Members of Associated Builders and Contractors (ABC)—which were awarded 60 percent of large-scale federal construction contracts exceeding $25 million from 2009 to 2013—are committed to delivering high-quality work safely, ethically and at the best price. Furthermore, ABC strongly believes that contractors found guilty of breaking wage and safety laws should be punished appropriately.

However, the new executive order could result in some of the best firms being arbitrarily blacklisted from winning future federal contracts for committing even minor violations of a rapidly growing and constantly changing labyrinth of workplace laws and regulations, including 14 federal statutes and equivalent state laws. By seeking to impose new penalties on contractors beyond those specified by Congress, the president is exceeding his office’s constitutional authority and undermining the carefully balanced contracting provisions that already exist.

While the Obama administration seeks to impose these new compliance burdens and penalties on federal contractors, it is apparently unconcerned about violations of these same laws by its own federal agencies.
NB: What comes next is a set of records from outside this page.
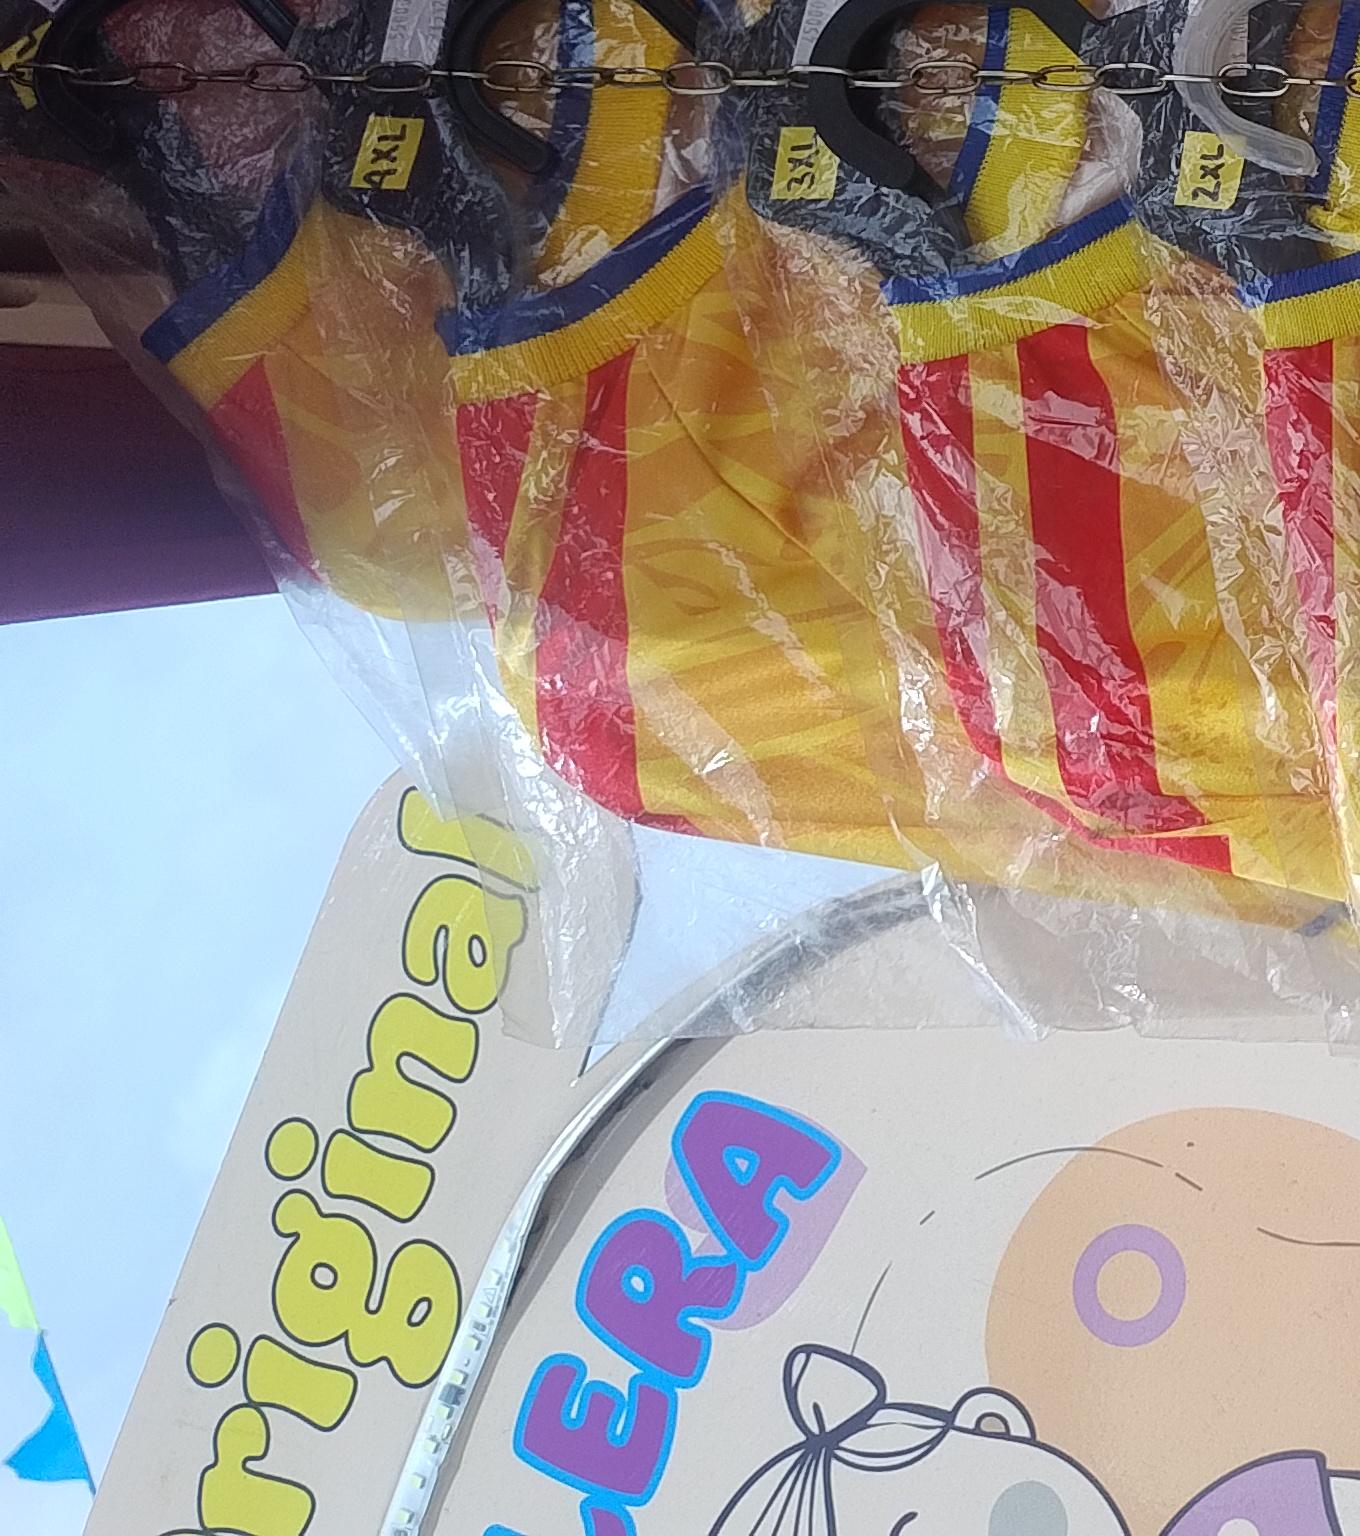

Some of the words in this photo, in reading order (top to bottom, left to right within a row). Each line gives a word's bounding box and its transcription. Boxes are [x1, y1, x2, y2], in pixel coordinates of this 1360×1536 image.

[786, 132, 820, 193] 3XL
[1191, 143, 1225, 202] 2XL
[155, 786, 541, 1536] riginal
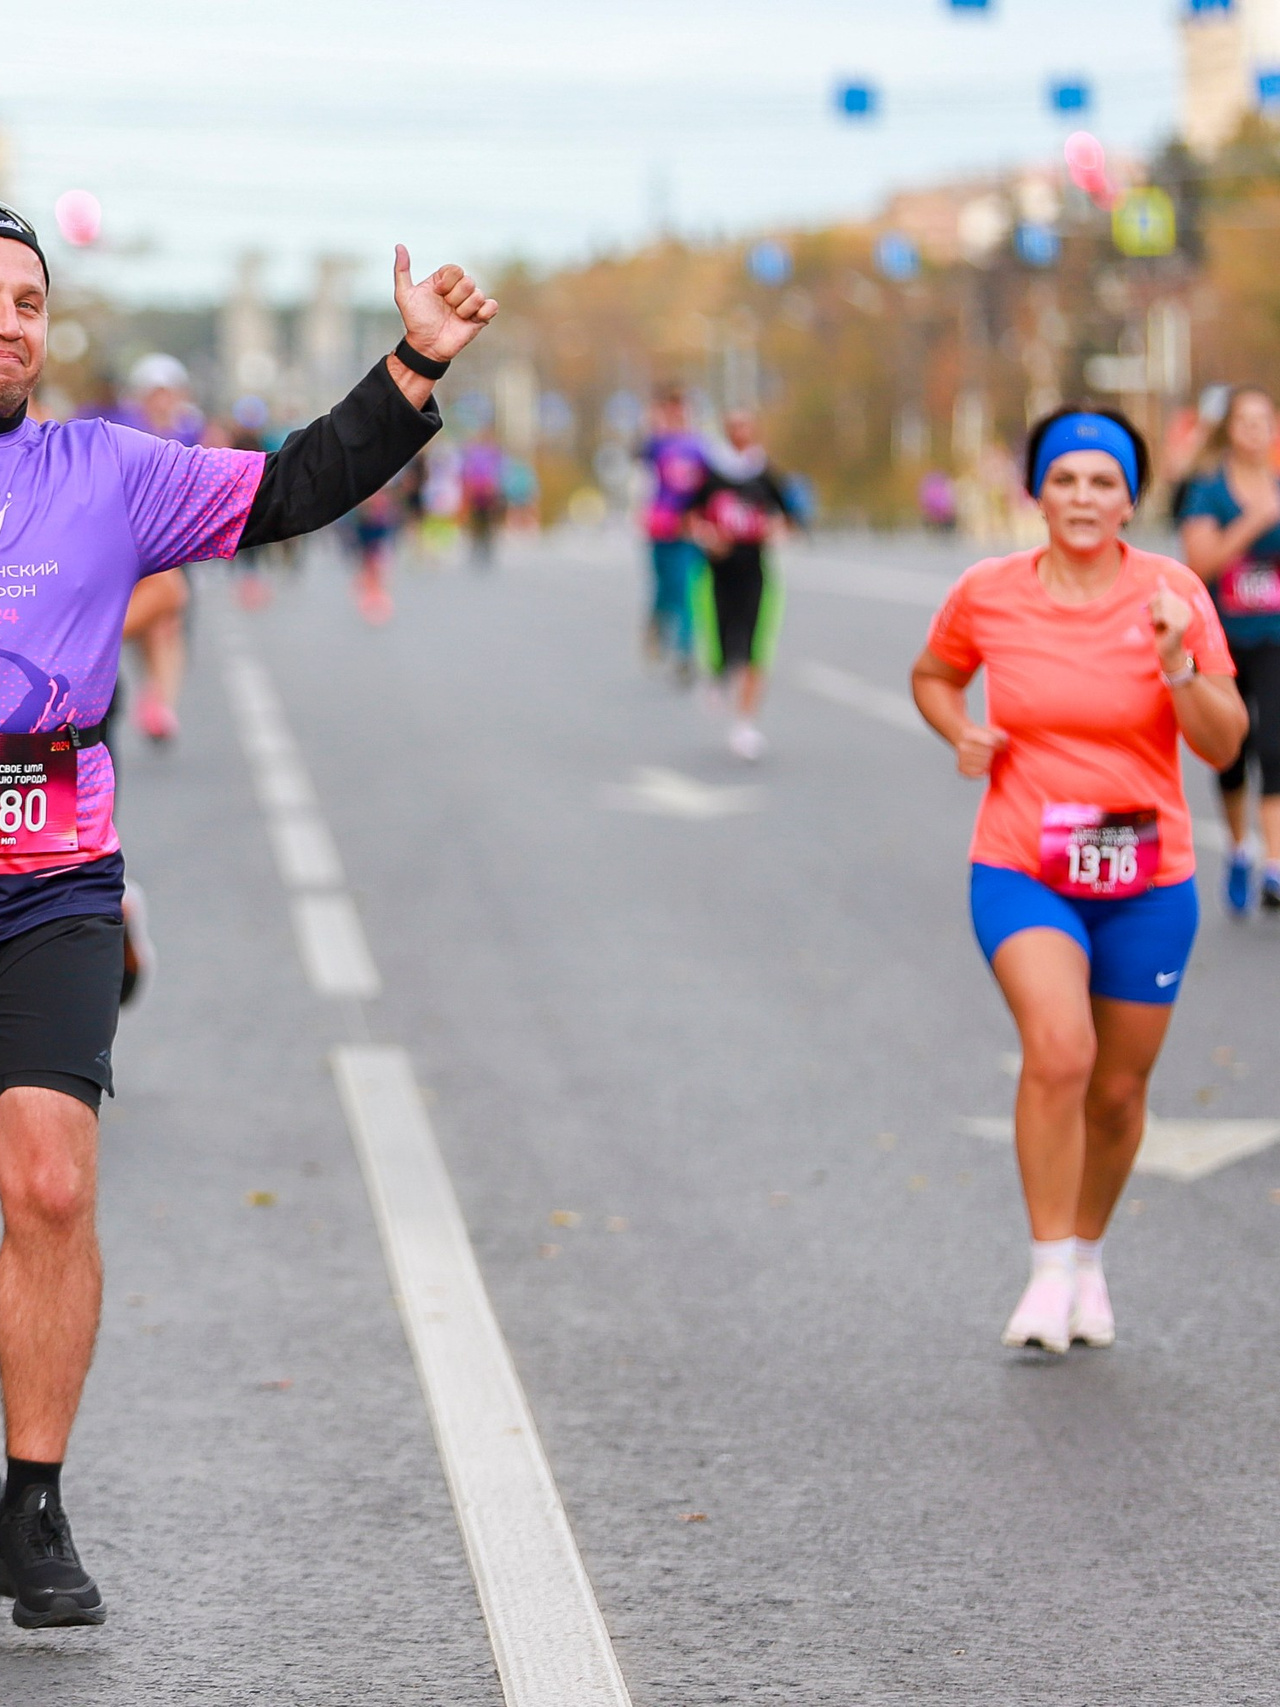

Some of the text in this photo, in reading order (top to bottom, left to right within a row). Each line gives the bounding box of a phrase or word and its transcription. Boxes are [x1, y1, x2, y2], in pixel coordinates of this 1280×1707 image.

[51, 741, 70, 752] 2024
[24, 764, 43, 773] ИМЯ
[14, 775, 47, 784] ГОРОДА
[1066, 844, 1138, 885] 1376
For example, OSHA’s Office of Federal Agency Programs reported in 2012 that less than 30 percent of federal agencies were in full compliance with federal safety standards. The Equal Employment Opportunity Commission reported earlier this fall that more than 15,000 complaints were filed against the federal government by its own employees in 2012. In addition, the U.S. Court of Federal Claims recently ruled in favor of 2,000 worker plaintiffs who accused their employer, the federal government, of violating the Fair Labor Standards Act in 2013. Considering these and other reports, President Obama seems to be holding private businesses to a higher standard than that of his own administration.

Shining a spotlight on this “do as I say, not as I do” approach to governing does not excuse repeat violations by federal contractors, but these examples are a reminder that well-intentioned employers can get tripped up by ever-expanding and needlessly complicated laws.

While the full effect of the executive order won’t be known until more detailed regulations are finalized, there is concern that the livelihoods of federal contractors and their employees could be jeopardized based on the subjective decisions of a team of unelected bureaucrats who will be charged with judging federal contractors’ compliance records.

According to one federal contractor: “Getting blacklisted is like the death penalty. It means no new federal contracts, which will impact the company’s ability to win private contracts. In short, blacklisted firms won’t be in business very long.”

Many have expressed concern that this executive order could be used to reward political allies with contracts while blacklisting political foes. Such high stakes open the door to corruption and favoritism in the procurement process, allow trial lawyers to extort larger settlements from firms, enable bureaucratic agencies to extract costly settlements for conduct that may have been legal, and give labor unions leverage to get businesses to capitulate to their demands.

Taxpayers, contractors and their employees deserve a fair and transparent process that will award contracts based on merit to firms that can deliver the highest quality product at the best price. Instead, the president’s executive order adds uncertainty and subjectivity to the government contracting process and likely will increase the frequency and cost of labor and employment disputes.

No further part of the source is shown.